In a nut shell, high school is a place of stress and socialisation, where teachers teach, students learn, careers are made and vegemite sandwiches are a necessity.

But as I'm sure that you have all experienced, high school can be much more than that.

It's a place where rumours are created like a spider's web, where being rude becomes cool and where gaining one friend usually results in losing many.

Don't get me wrong, I loved high school, but that's because it's safe to say that I'm a fairly confident and outgoing person, whereas for those that are more reserved and quiet, it can be a whole different experience, and from what I have seen and heard, it can become very unpleasant very quickly.

Unfortunately, one of my friends was affected by this confusing stage of our lives midyear 11. Now, this friend of mine is possibly one of the most beautiful, brightest people I have ever met.

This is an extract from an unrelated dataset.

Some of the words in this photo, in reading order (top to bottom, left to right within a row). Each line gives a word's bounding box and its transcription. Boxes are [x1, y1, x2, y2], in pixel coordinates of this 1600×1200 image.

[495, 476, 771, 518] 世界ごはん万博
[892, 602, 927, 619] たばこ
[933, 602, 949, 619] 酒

She has the most infectious smile that can light up a room and a special persona about her that can reflect light even on the shadiest of moments. But there was a reason as to why this friend of mine was always happy and positive, and it was because she was a bottler.

A bottler is someone that pushes away every emotion other than happiness and squeezes them all into this one tiny plastic bottle and hides it from everyone.

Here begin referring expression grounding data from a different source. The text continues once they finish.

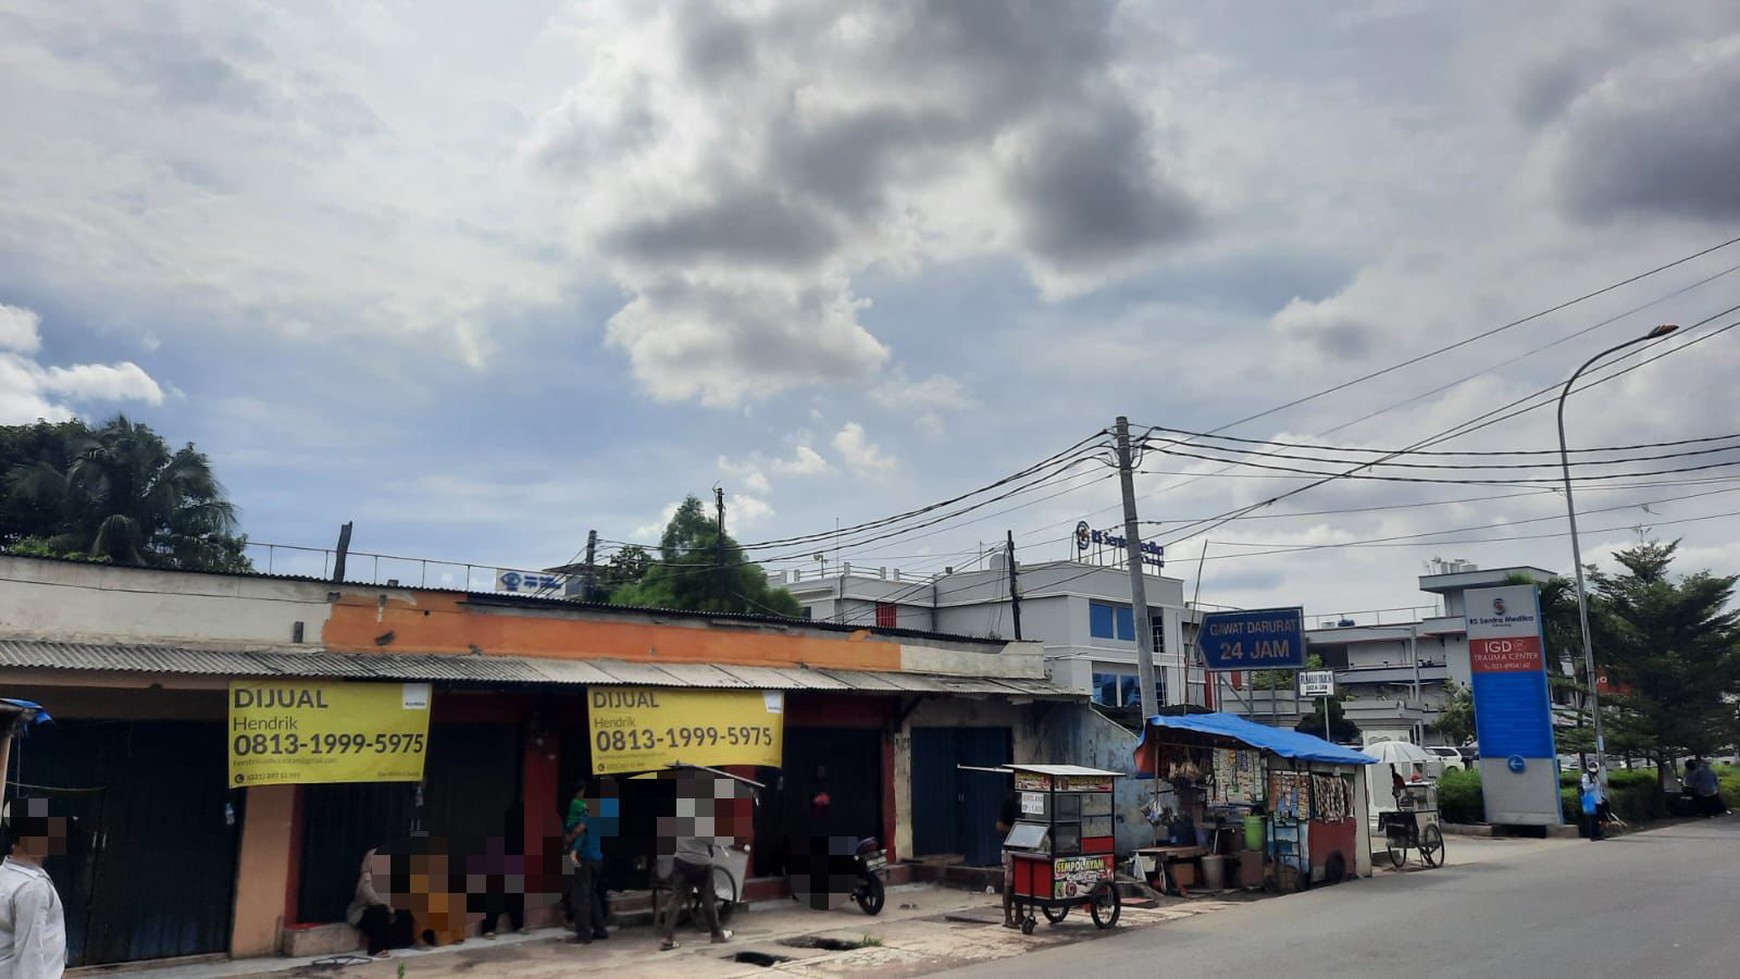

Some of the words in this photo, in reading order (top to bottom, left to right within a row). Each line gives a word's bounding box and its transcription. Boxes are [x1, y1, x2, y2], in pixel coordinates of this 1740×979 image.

[1210, 621, 1244, 636] GAWAT
[1247, 618, 1297, 634] DARURAT
[1480, 617, 1503, 625] Sentra
[1220, 641, 1243, 660] 24
[1250, 639, 1290, 659] JAM
[1484, 641, 1512, 653] IGD
[1473, 654, 1507, 662] TRAUMA
[1508, 652, 1538, 660] CENTER
[234, 688, 328, 709] DIJUAL
[593, 691, 659, 709] DIJUAL
[233, 716, 298, 731] Hendrik
[594, 717, 636, 728] Hendrik
[234, 733, 424, 756] 0813-1999-5975
[596, 726, 772, 752] 0813-1999-5975
[1056, 859, 1085, 872] SEMPOL
[1086, 858, 1104, 870] AYAM

For a bottler, this method seems pretty effective for a while because they tend to forget one very important fact.

Plastic explodes.

Eventually all the anger and confusion and sadness has no more room to compress and all the bad tension and pressure and stress becomes too much and the bottle simply, explodes.

As every other teenager at the time, my friend has some issues; family rejection, untrustworthy friends, school expectations, future career pressure and last but definitely not least, those wonderful hormones that we all so experience.

Its one thing to have a mental breakdown to your mum every now and then, but it's a whole different story when one begins to hurt herself, and unfortunately my friend got to that stage, more mentally than physically, but nevertheless, hurting.

She was attacking herself with negative thoughts and had convinced herself that she was an expendable piece to the world's puzzle, that she didn't belong and no one wanted her or cared about her.

She felt alone and numb but instead of doing anything about it, she bottled it up, like always, put a smile on her gorgeous fair face and trod on.

'But one single person can only take so much. One normal school day we were sitting at lunch with the rest of our group and I noticed something that made me realise that there was a problem, that my perfect friend had holes, holes that no one knew about and no one had tried to fill.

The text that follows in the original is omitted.